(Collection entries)
###

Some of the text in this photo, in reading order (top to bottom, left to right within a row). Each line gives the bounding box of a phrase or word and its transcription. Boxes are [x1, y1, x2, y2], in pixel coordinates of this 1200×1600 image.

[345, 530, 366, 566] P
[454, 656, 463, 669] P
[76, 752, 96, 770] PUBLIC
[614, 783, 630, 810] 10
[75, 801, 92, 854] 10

###

Work instructions:
Reproduce each line of the data without any change.

Problem solution:
Some of the text in this photo, in reading order (top to bottom, left to right within a row). Each line gives the bounding box of a phrase or word and its transcription. Boxes are [x1, y1, x2, y2], in pixel coordinates of this 1200×1600 image.

[345, 530, 366, 566] P
[454, 656, 463, 669] P
[76, 752, 96, 770] PUBLIC
[614, 783, 630, 810] 10
[75, 801, 92, 854] 10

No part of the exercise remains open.